Hi Chris,
Cantera’s reactor models work with any of the equations of state implemented as versions of the ThermoPhase
class. However, each reactor can only contain a single, homogeneous phase. If you specify an ideal gas model for the phase, then all species in the phase will be treated as part of an ideal gas.
A better way to handle this might be to try out a feature which was recently merged into the main branch, which is the ability to augment reactor governing equations in your own Python code. There is an Python example at https://github.com/Cantera/cantera/blob/main/interfaces/cython/cantera/examples/reactors/custom2.py, and documentation in the development version docs at https://cantera.org/documentation/dev/sphinx/html/cython/zerodim.html#extensiblereactor.
Regards,
Ray
Hi Chris,
Yes, that’s essentially correct. If you want to use the Peng-Robinson model, you need to provide either the Peng-Robinson parameters (a, b, and acentric factor) or the critical properties (critical temperature, critical pressure, and acentric factor) for each species.

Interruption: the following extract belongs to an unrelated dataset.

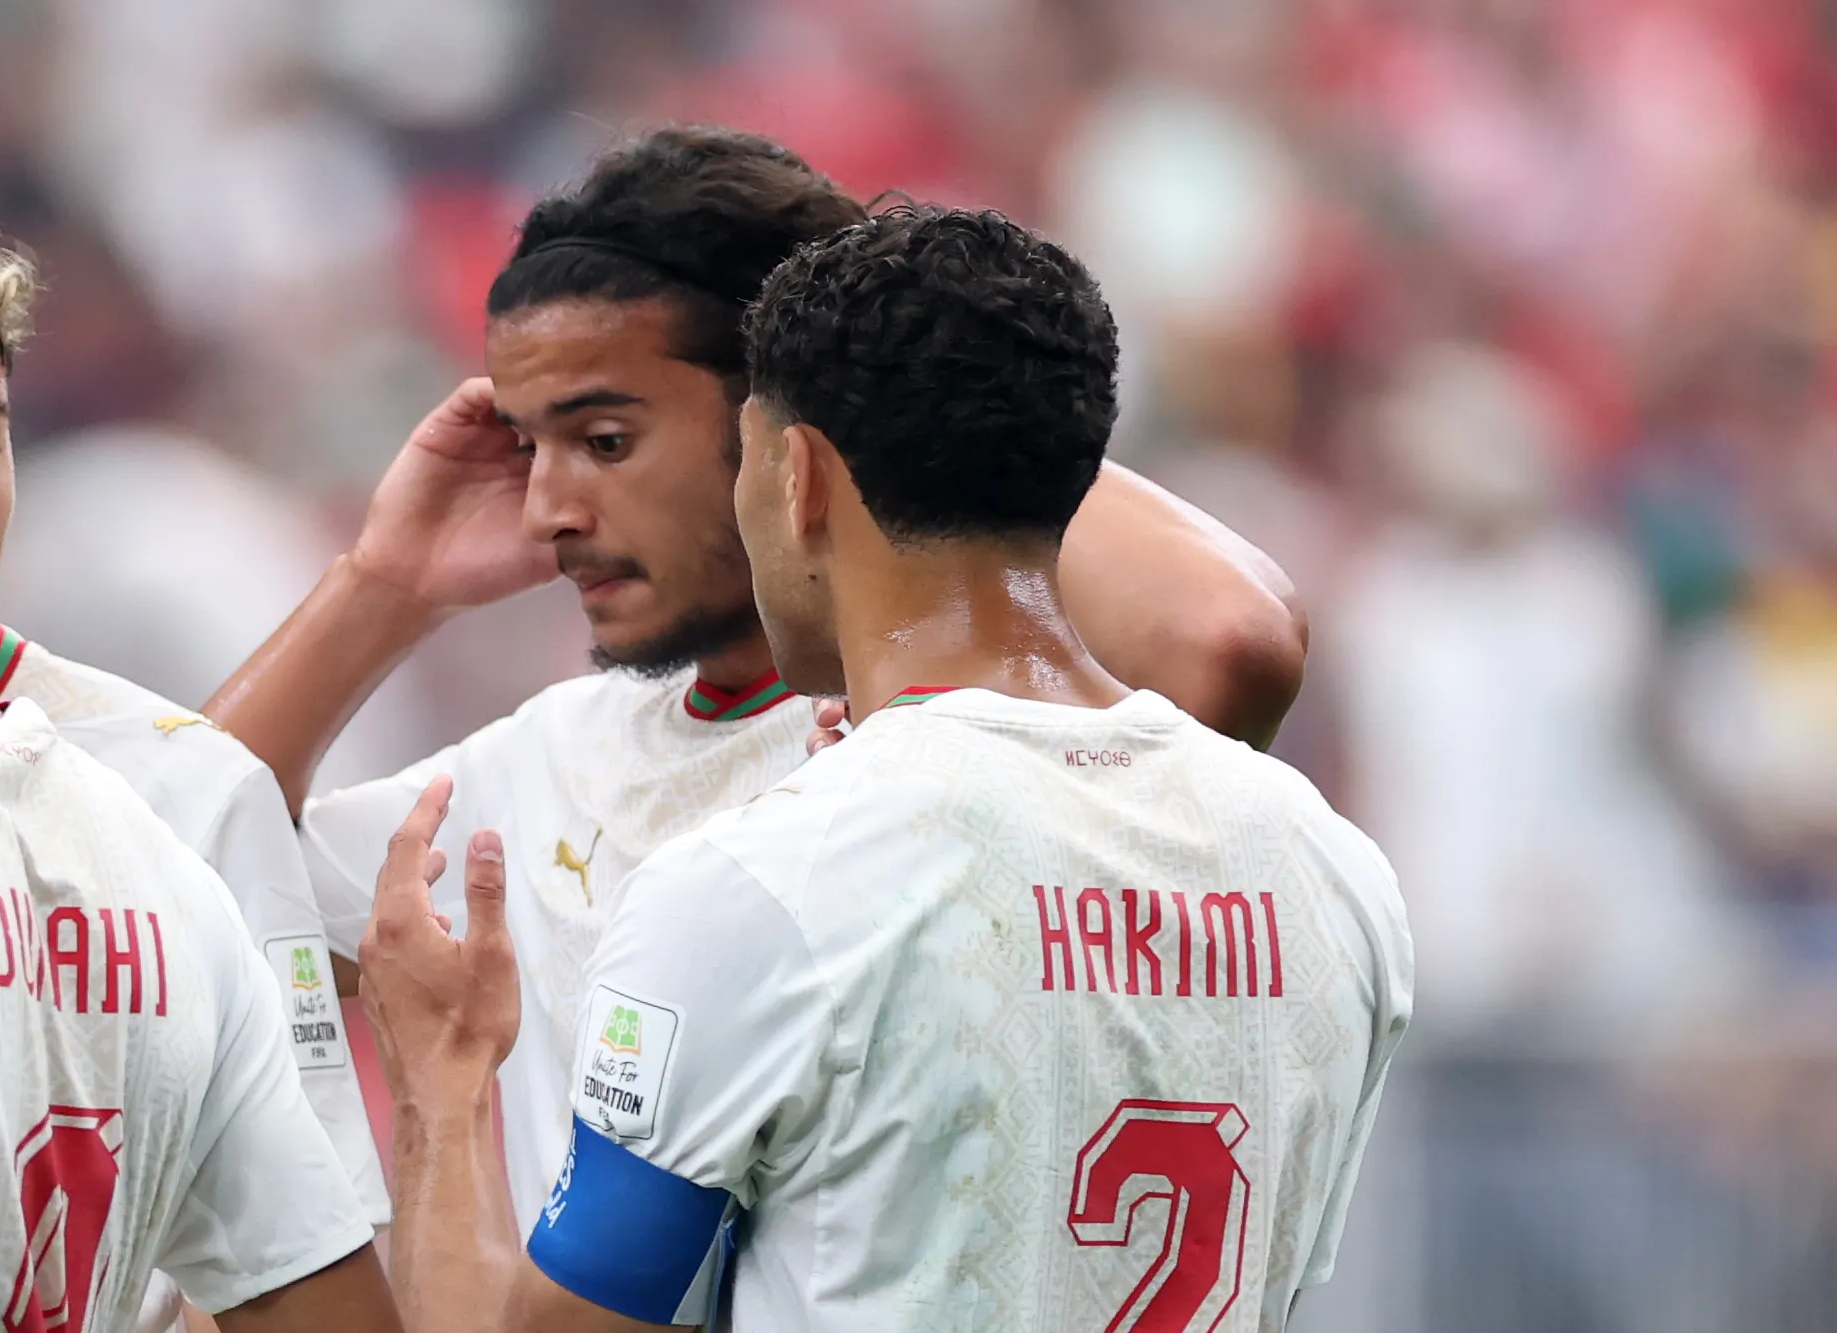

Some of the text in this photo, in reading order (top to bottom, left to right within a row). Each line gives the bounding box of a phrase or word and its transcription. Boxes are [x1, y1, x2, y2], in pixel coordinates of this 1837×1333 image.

[1032, 885, 1283, 998] HAKIMI
[591, 1049, 639, 1083] Unite For
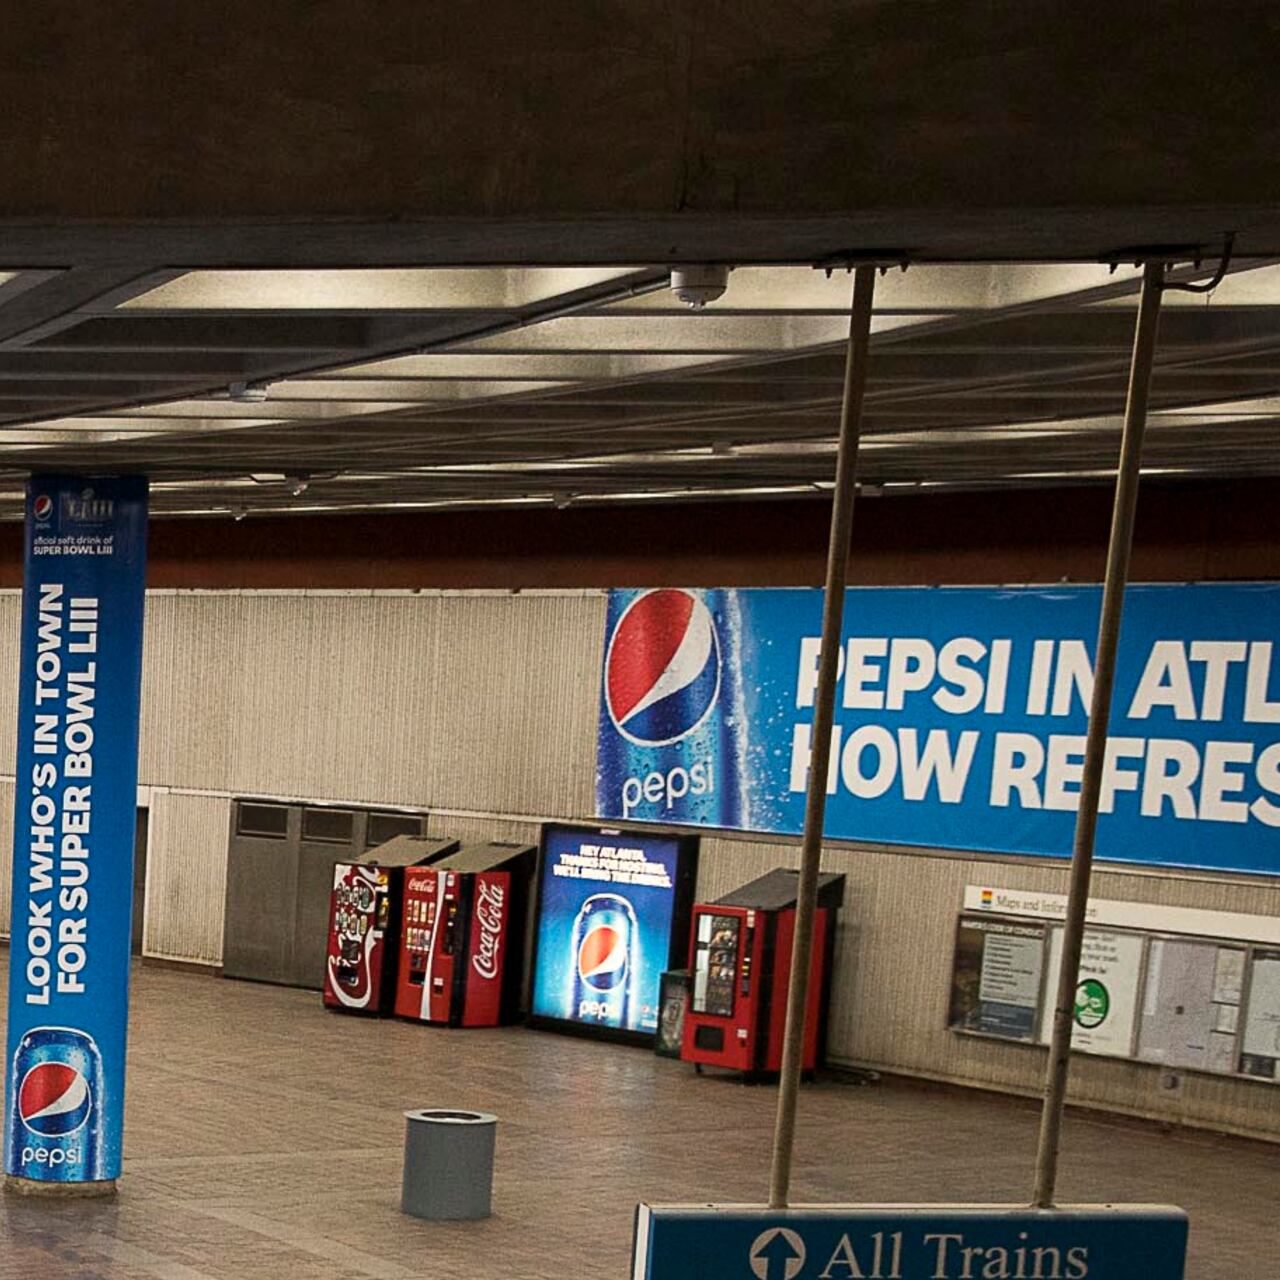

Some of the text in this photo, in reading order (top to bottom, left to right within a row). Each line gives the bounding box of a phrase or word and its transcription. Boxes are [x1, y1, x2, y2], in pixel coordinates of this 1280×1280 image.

However, you can get individual species to behave as though they were ideal gasses by specifying an arbitrarily low critical temperature and an arbitrarily high critical pressure. This can even be done programmatically by modifying the species data after it’s been loaded (a new feature for Cantera 2.6 that’s in the development version, which you are presumably already using if you’re working with the Peng-Robinson model).
import cantera as ct
species = ct.Species.listFromFile('gri30.yaml')
for S in species:
if 'critical-parameters' in S.input_data or 'equation-of-state' in S.input_data:
continue
S.update_user_data(
{'critical-parameters':
{'critical-temperature': 0.001,
'critical-pressure': 1e20,
'acentric-factor': 0.0
}
}
)
pr = ct.Solution(thermo='Peng-Robinson', species=species)

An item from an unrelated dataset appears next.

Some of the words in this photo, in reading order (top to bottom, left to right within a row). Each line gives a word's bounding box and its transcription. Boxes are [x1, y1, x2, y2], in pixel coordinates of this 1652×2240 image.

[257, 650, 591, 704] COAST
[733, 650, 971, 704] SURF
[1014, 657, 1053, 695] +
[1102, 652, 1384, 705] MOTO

In this example, I added a check to skip species where there is already either a critical-parameters
field or an equation-of-state
field (under the presumption that it contains Peng-Robinson parameters, though you could make that more specific).
One thing I haven’t given thought to so far is whether the binary interaction parameters work out correctly in this limit, once you add some species with “real” Peng-Robinson coefficients.